Webservice and website in the same project

I am reading a website project created on VS 2010 vb.net, where they have implemented a webservice.asmx in the same project to be called in javascript methods. In other words: the webservice is not implemented as API, it is a webservice.asmx where I can add methods to call database, and those methods are used in javascript functions.My questions are:

  1. What is the importance of calling a webservice from javascript instead of making a postback to the server and retrieve data form there?
  2. What about sessions? Does the webservice can view sessions of the user? I am asking this question because I can view some sessions filled as: HttpContext.Current.Session("UserID") = userId.
  3. If it is possible to catch and fill sessions of the user pages, is it possible to have access to controls in asp pages of the same user? And Why?

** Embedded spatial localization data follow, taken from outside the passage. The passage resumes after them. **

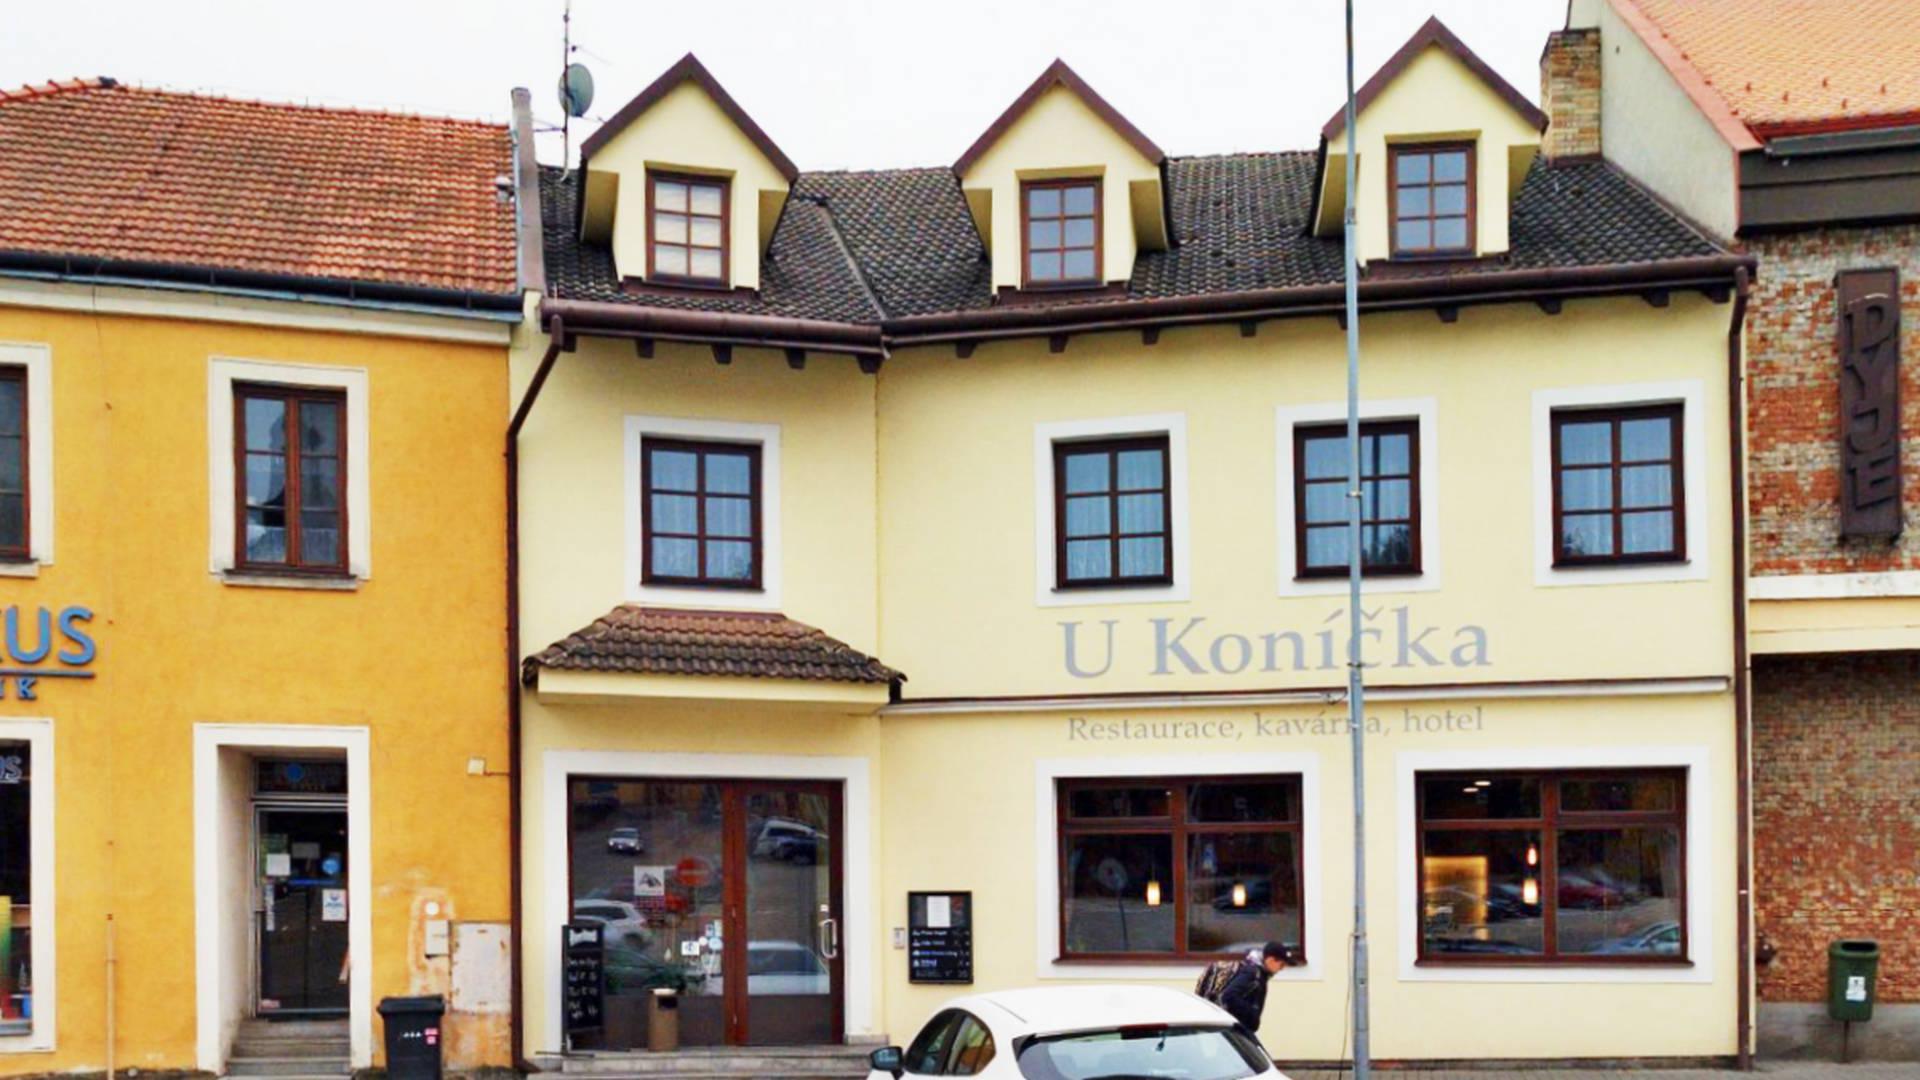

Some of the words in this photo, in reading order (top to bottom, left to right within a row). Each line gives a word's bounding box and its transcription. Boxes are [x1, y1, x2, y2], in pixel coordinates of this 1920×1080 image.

[1843, 295, 1897, 511] DYJE
[0, 606, 96, 665] US
[1057, 620, 1120, 679] U
[1148, 605, 1493, 676] Koníčka
[1068, 714, 1243, 741] Restaurace,
[1403, 706, 1483, 733] hotel
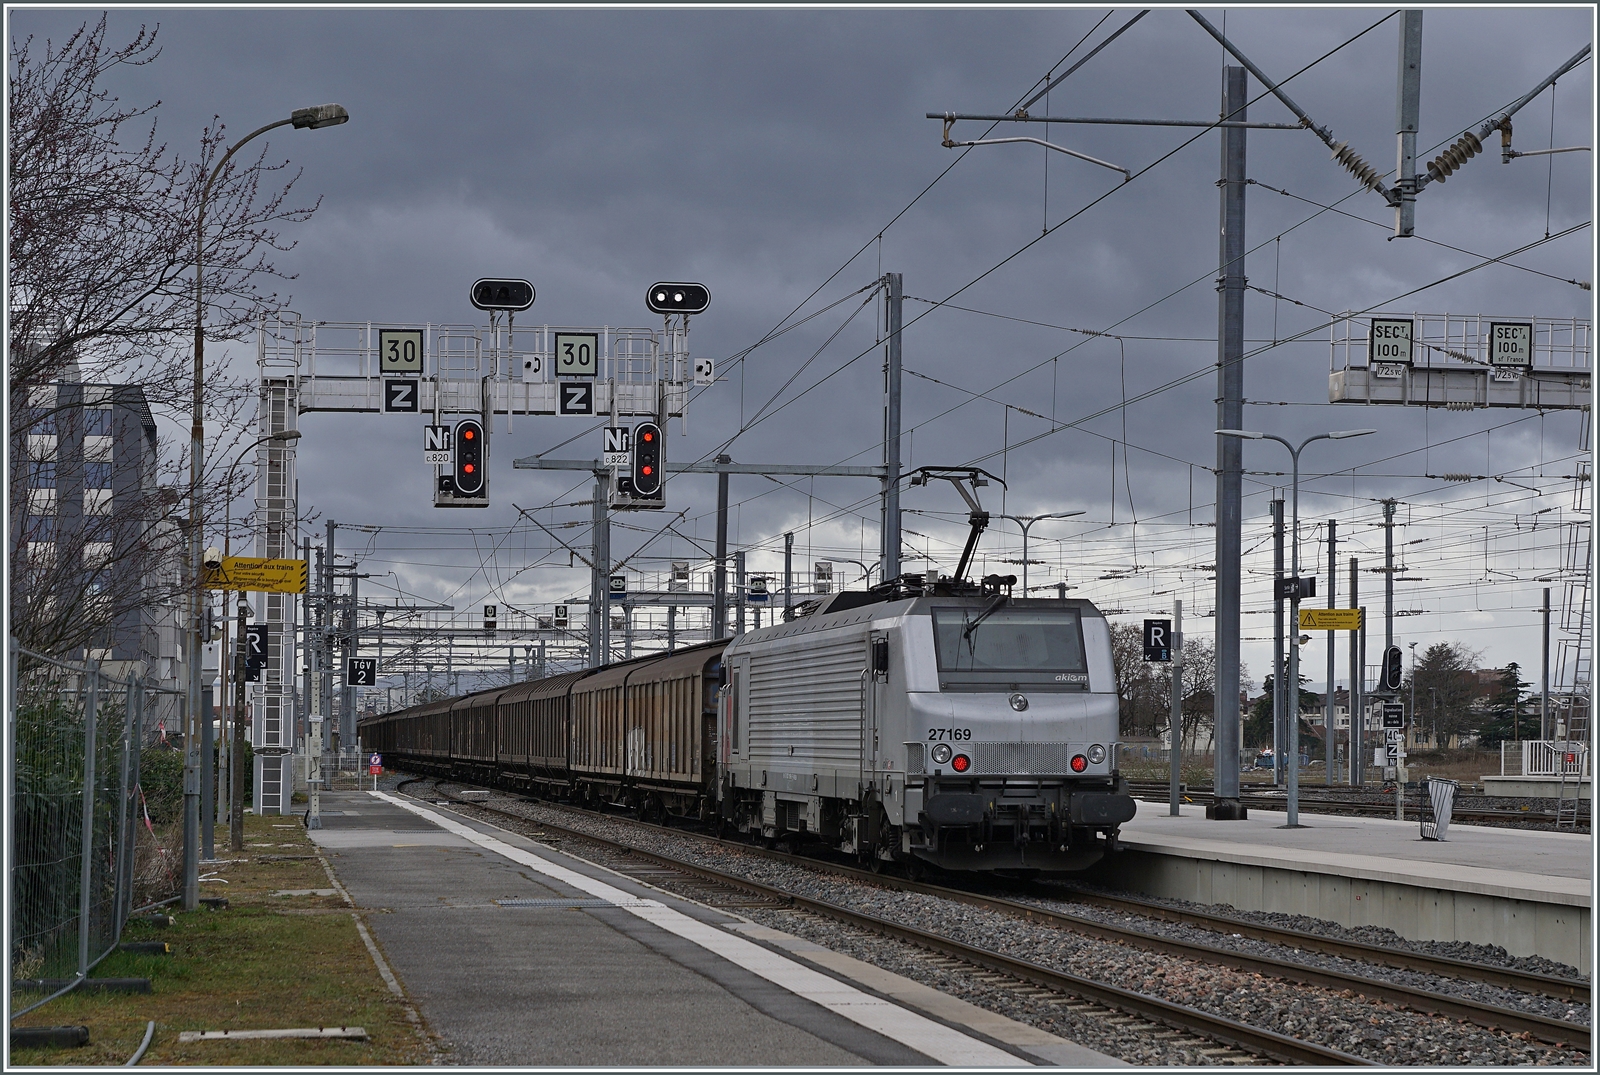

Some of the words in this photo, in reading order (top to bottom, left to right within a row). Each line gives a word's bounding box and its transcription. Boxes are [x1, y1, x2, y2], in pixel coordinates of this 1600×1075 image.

[387, 339, 416, 363] 30
[562, 342, 591, 366] 30
[391, 384, 412, 408] Z
[566, 387, 587, 410] Z
[425, 427, 450, 450] Nf
[604, 428, 629, 451] Nf
[234, 561, 263, 571] Attention
[246, 632, 261, 653] R
[1151, 626, 1165, 647] R
[353, 661, 372, 670] TGV
[357, 670, 367, 684] 2
[928, 728, 971, 741] 27169
[1388, 744, 1398, 756] Z
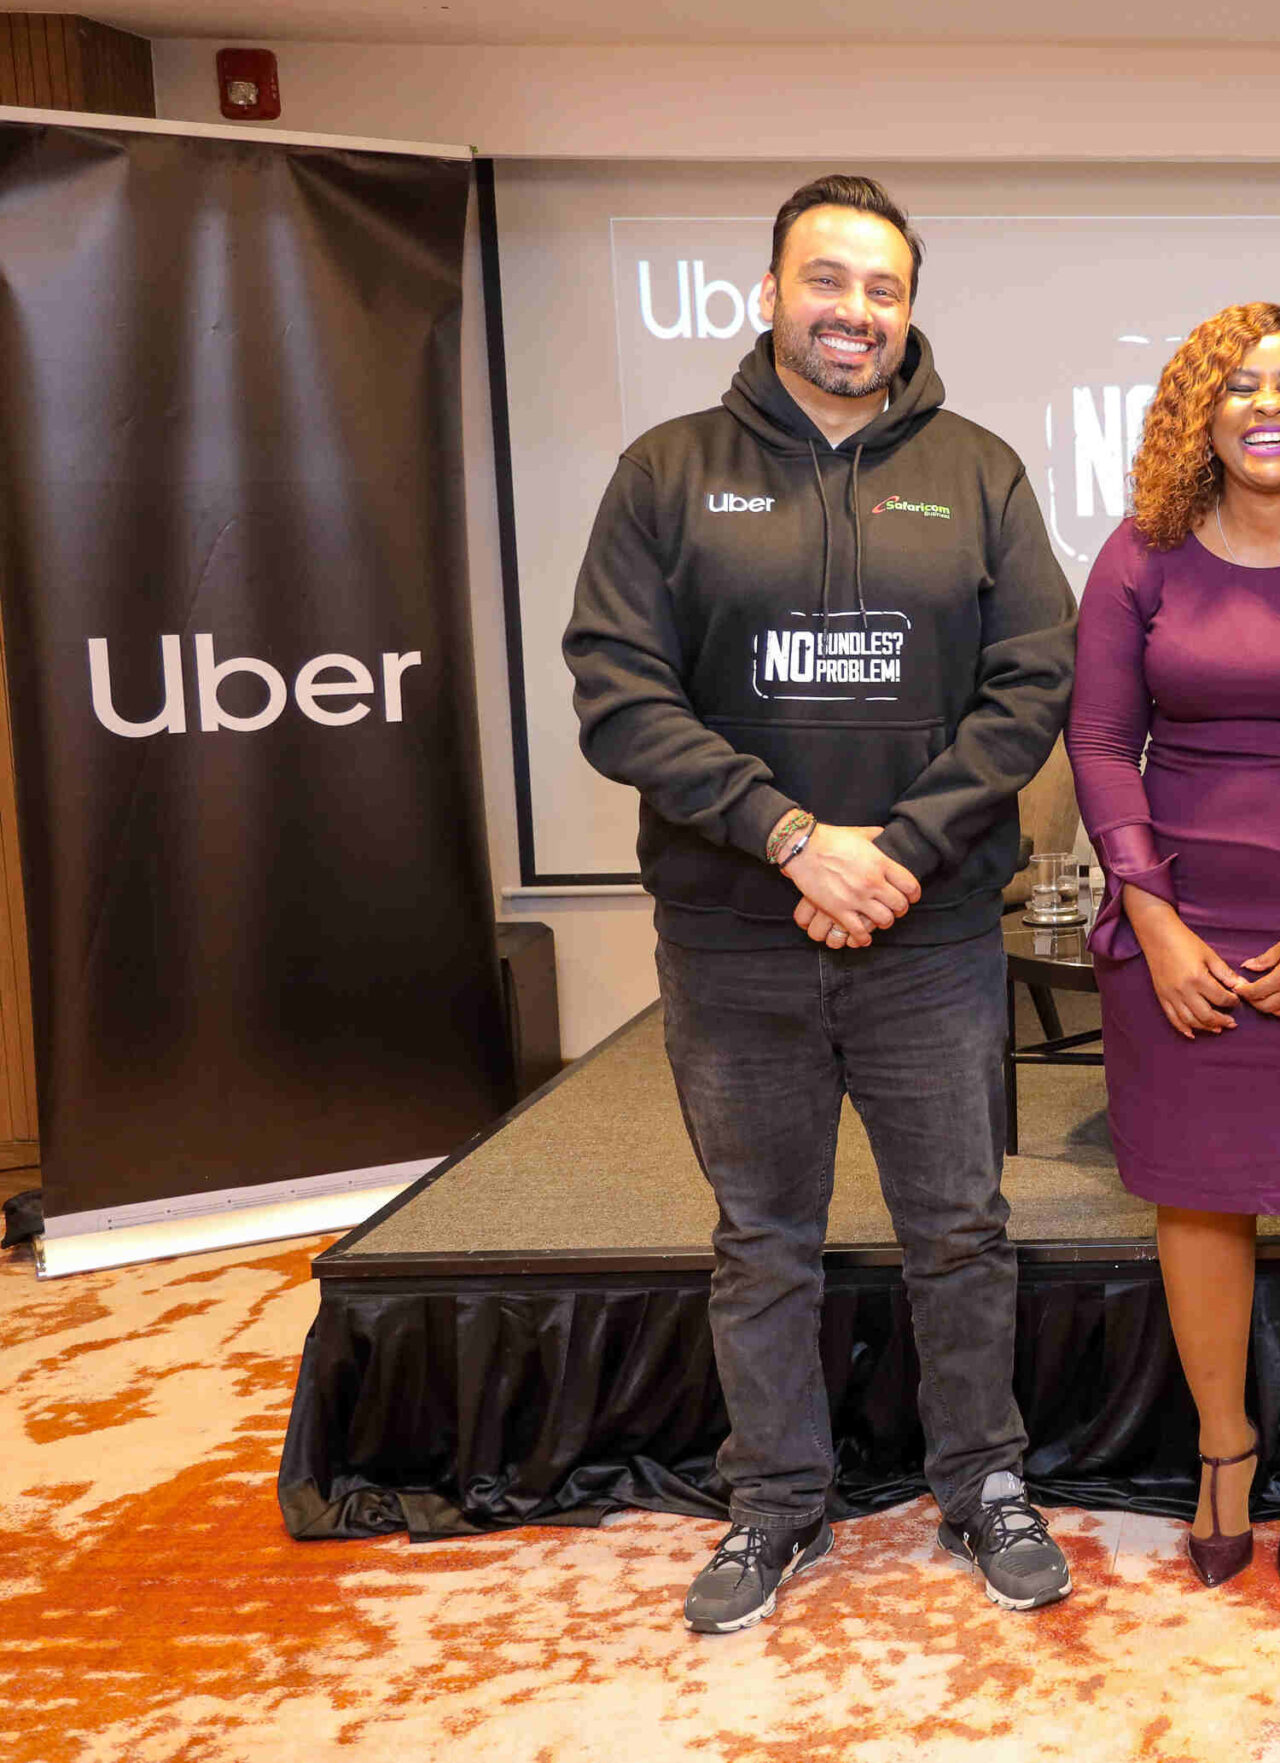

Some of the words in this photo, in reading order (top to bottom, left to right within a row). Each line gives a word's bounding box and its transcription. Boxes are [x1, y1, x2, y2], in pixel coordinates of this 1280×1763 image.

[638, 260, 773, 339] Ub
[708, 493, 775, 513] Uber
[885, 500, 951, 514] Safaricom
[764, 630, 815, 683] NO
[815, 659, 901, 683] PROBLEM!
[88, 633, 422, 738] Uber

I am a little bit confused with this webservice, what I know is that webservice runs on a server and is used as API in applications... this is the first time that I work with a webservice and website written in the same project, thank you.

Upvotes: 0

Views: 618

Answers (1)

Markus
Markus

Reputation: 22456

1

Calling a WebService is a lot quicker than doing a PostBack, so if you want to only do partial updates of your website, a WebService is a good option to use (if you'd create the project from scratch, you'd use a Web API instead of an ASMX WebService). Of course, you have to integrate the result into the Web page on the client side. If you want to have asynchronous requests that lead to changes in the UI, you could also use an UpdatePanel on the ASPX-page.

It is also common to host the WebService in the same application as the Web frontend to avoid CORS issues.

2

The WebService can also access the session of the user if you set EnableSession on the WebMethod attribute to true. See this question for some pitfalls.

3

As the request to the WebService is a separate request it does not have direct access to a page's controls on the server (read in C#/VB.NET code), but you can change the HTML document tree on the client by using JavaScript.

If you need to share code on the server between the pages and the WebService, you should create separate methods in a helper/business logic class that are called by both the pages and the WebService.

To give an example, if both a page and the WebService need to get data from the database, you'd move the code for the database access from the ASPX page into a separate class (which is a good idea for many other reasons) and use the class both in the ASPX page and the WebService.